Understanding these principles is key in evaluating a drug's potential effectiveness in treatment scenarios.

Pharmaceutical Chemistry

Pharmaceutical chemistry is the discipline concerned with the design, development, and synthesis of pharmaceuticals. It focuses on optimizing compounds for desirable pharmacological effects, ensuring effectiveness and safety. In the exercise, we assess drug candidates that might become treatments for cancer by examining their protein binding capacities.

• **Drug Design:** Initially involves the creation of molecules that can interact strongly with their target proteins.

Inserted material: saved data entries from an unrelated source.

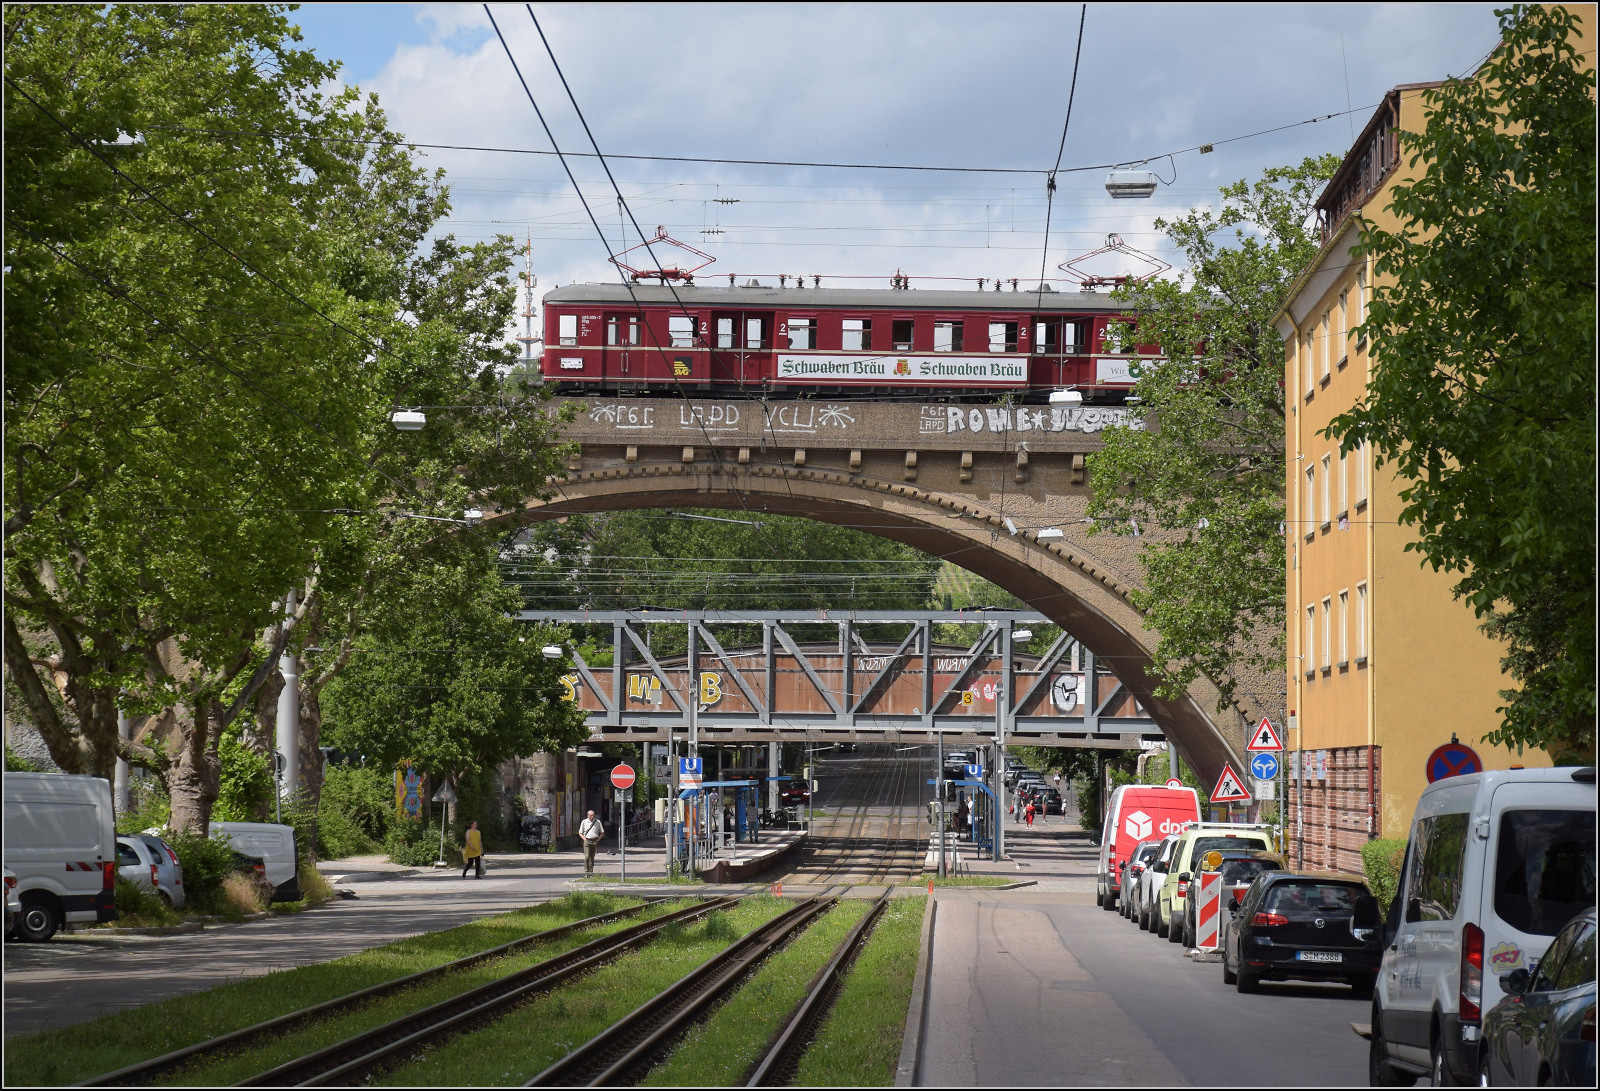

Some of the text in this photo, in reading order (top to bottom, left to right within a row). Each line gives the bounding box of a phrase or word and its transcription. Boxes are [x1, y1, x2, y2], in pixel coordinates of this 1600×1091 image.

[701, 321, 707, 331] 2
[780, 323, 786, 332] 2
[1021, 327, 1027, 336] 2
[1099, 328, 1105, 337] 2
[782, 359, 885, 375] Schwaben Bräu
[919, 361, 1022, 376] Schwaben Bräu
[1111, 367, 1126, 375] Wir
[699, 671, 721, 704] B
[964, 693, 972, 704] 3
[685, 758, 697, 771] U
[968, 765, 978, 775] U
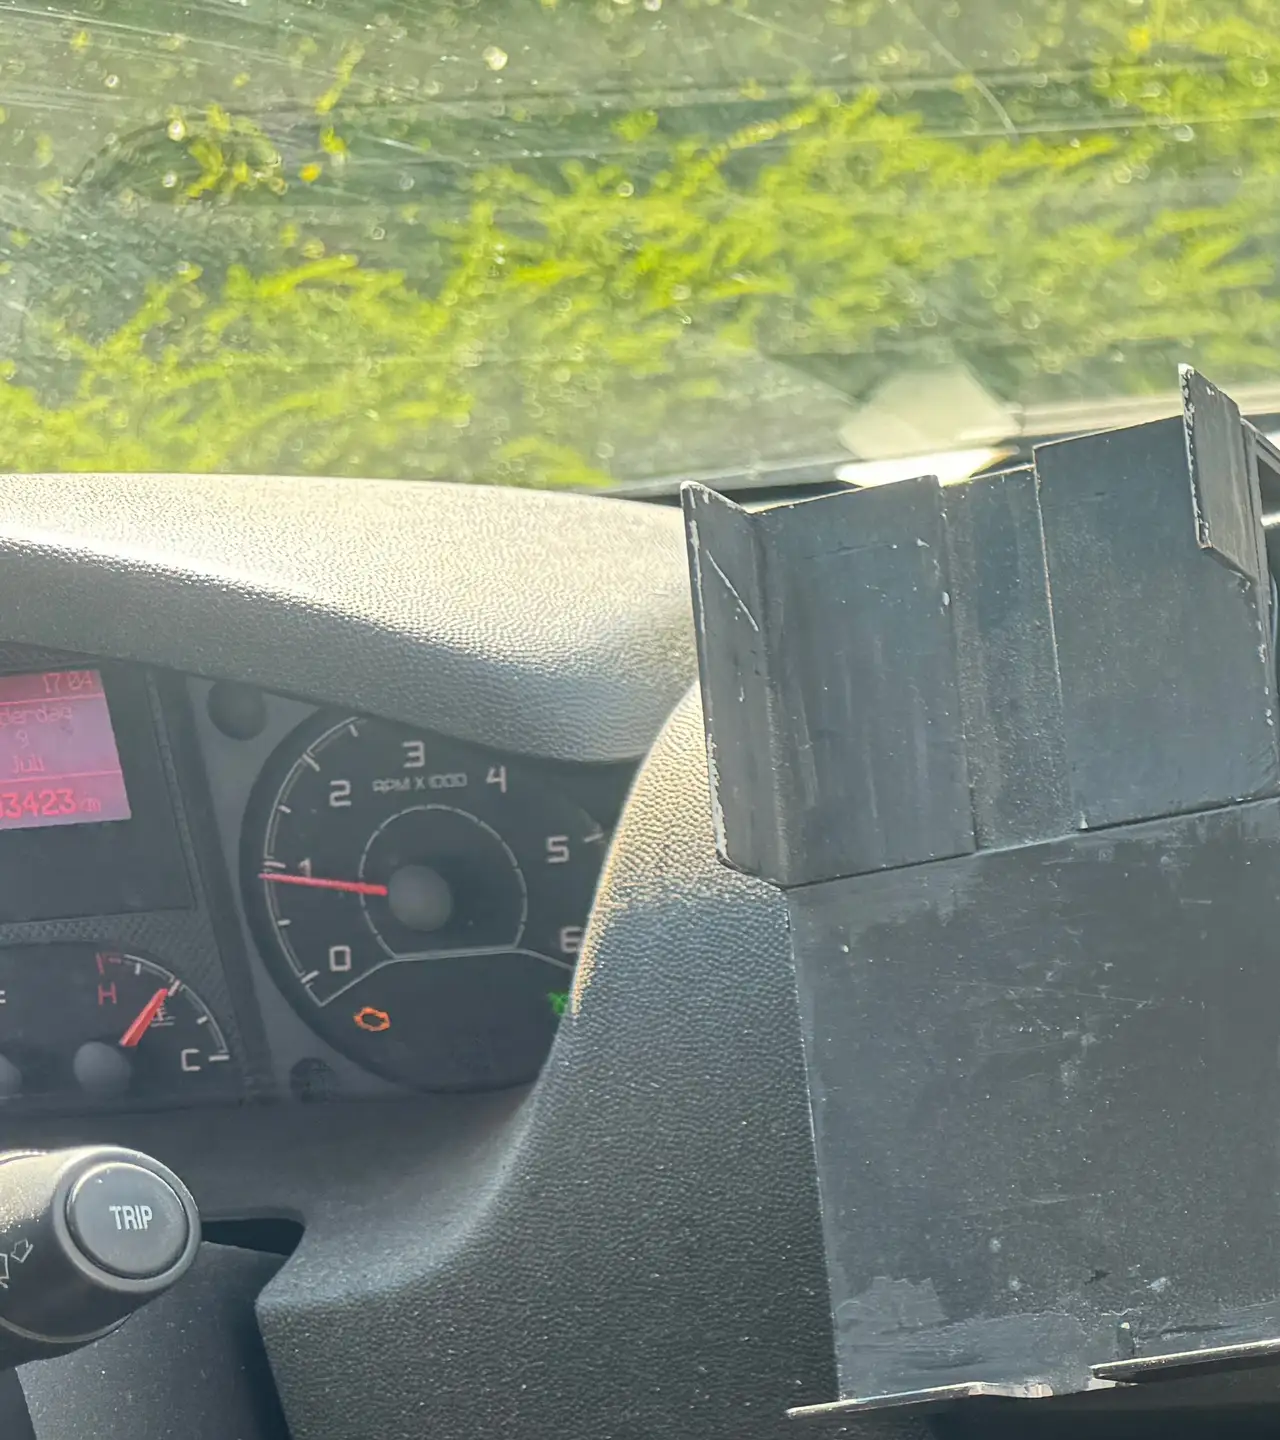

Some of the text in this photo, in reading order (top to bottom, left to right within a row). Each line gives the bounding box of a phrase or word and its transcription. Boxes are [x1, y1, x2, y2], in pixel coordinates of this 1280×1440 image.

• **Equilibrium Studies:** Such studies entail evaluating how well a drug molecule binds to a protein, often with a focus on achieving the required balance between binding strength and therapeutic safety.

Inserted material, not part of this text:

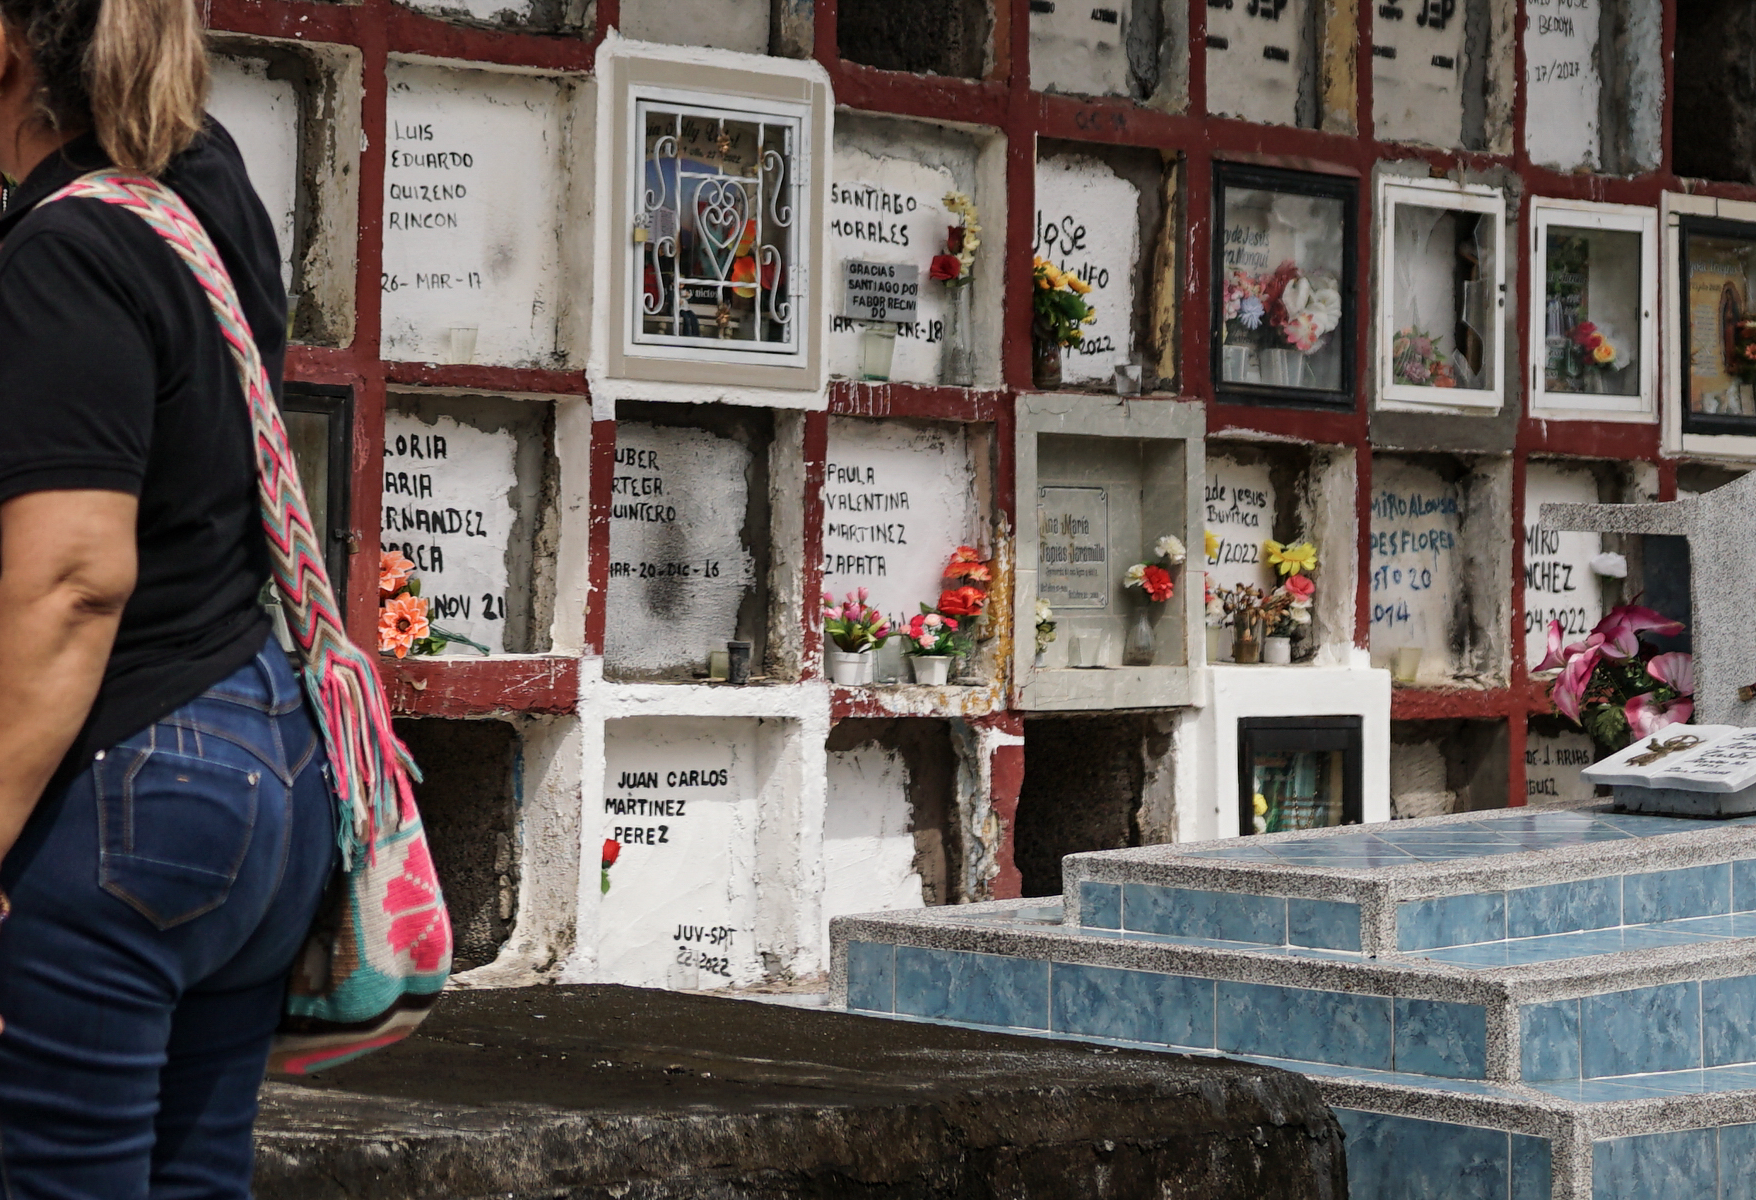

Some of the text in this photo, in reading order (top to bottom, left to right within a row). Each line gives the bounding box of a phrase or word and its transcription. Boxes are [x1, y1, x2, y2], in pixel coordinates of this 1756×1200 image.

• **Evaluation of Kinetic Parameters:** This involves understanding how fast reactions occur and how drugs interact within a biological environment.

By meticulously studying these parameters, chemists can predict which drugs will have the most potent therapeutic effects with minimal side effects.

Reaction Kinetics

Reaction kinetics delves into the rates at which chemical reactions occur. In the realm of pharmaceuticals, understanding how fast a drug binds to a target protein and forms a complex is essential. This knowledge helps in evaluating the drug's efficacy and duration of action.

• **Rate of Reaction:** This refers to the speed at which the reactants form the products. Faster reactions can imply a quicker onset of the drug's effects.


• **Equilibrium State:** Eventually, the system reaches a state where the formation of the drug-protein complex and its dissociation occur at the same rate. It is in this state that the equilibrium constant is derived.


• **Impact on Drug Efficiency:** A drug that quickly reaches and maintains equilibrium can be more reliable in therapeutic settings.

Understanding reaction kinetics provides valuable insights into not just efficacy, but also the optimal dosage and frequency of drug administration.